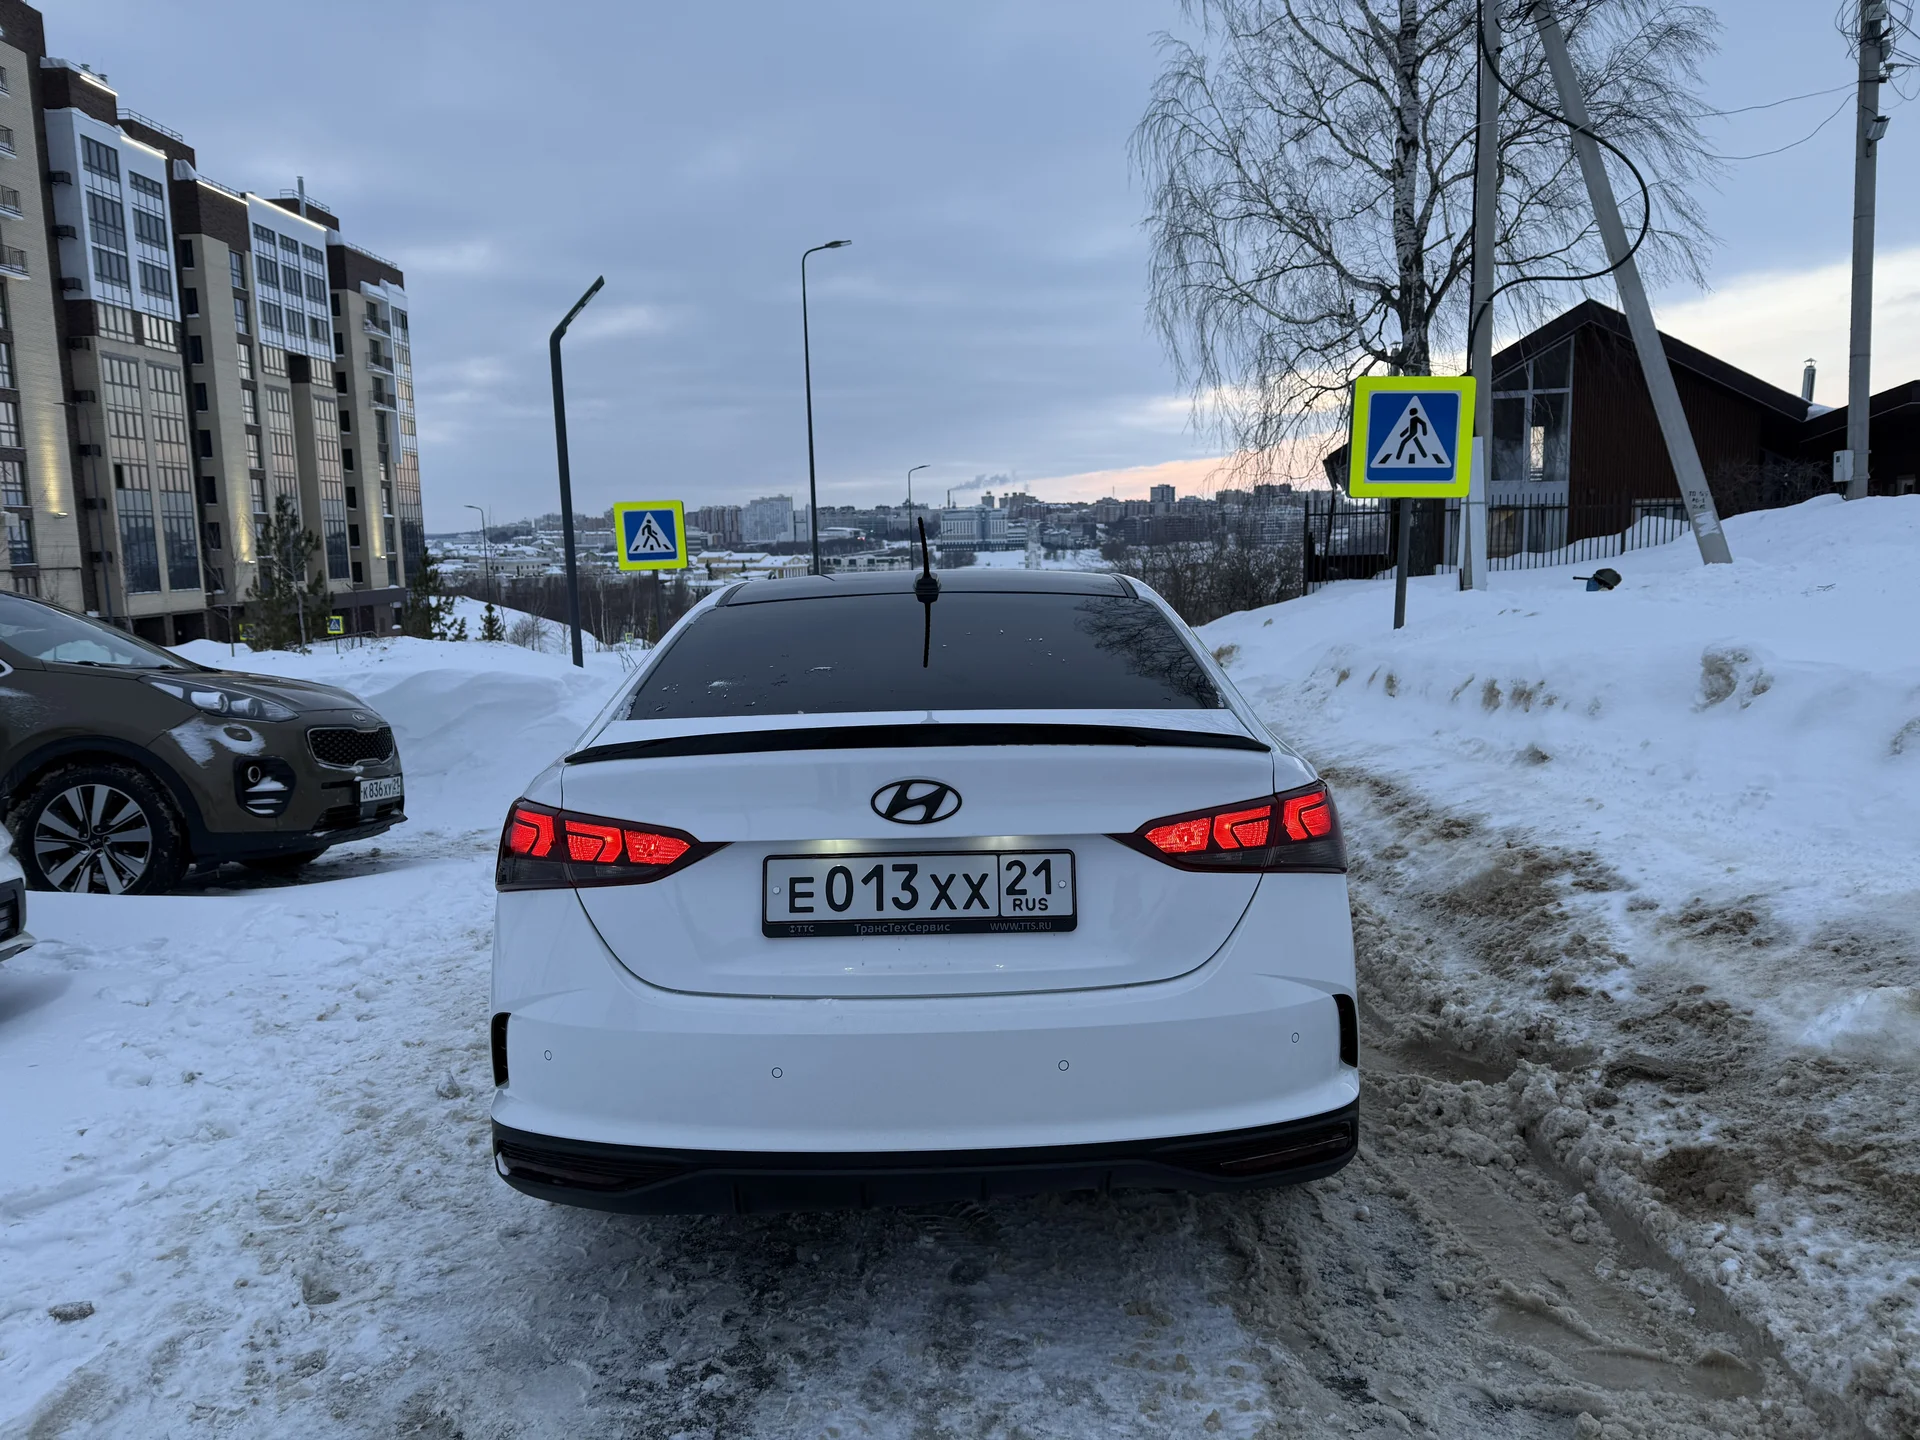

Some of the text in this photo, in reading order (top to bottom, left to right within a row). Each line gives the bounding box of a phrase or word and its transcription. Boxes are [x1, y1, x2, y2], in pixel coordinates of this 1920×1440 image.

[1005, 858, 1052, 896] 21
[1012, 898, 1049, 912] RUS
[854, 923, 950, 934] ТрансТехСервис
[990, 921, 1052, 931] WWW.TTS.RU
------------------------------------
WHAT YOU WILL DO: What is needed is an exact copy of every entry, with the pictures removed.

FINAL ANSWER:
Some of the text in this photo, in reading order (top to bottom, left to right within a row). Each line gives the bounding box of a phrase or word and its transcription. Boxes are [x1, y1, x2, y2], in pixel coordinates of this 1920×1440 image.

[1005, 858, 1052, 896] 21
[1012, 898, 1049, 912] RUS
[854, 923, 950, 934] ТрансТехСервис
[990, 921, 1052, 931] WWW.TTS.RU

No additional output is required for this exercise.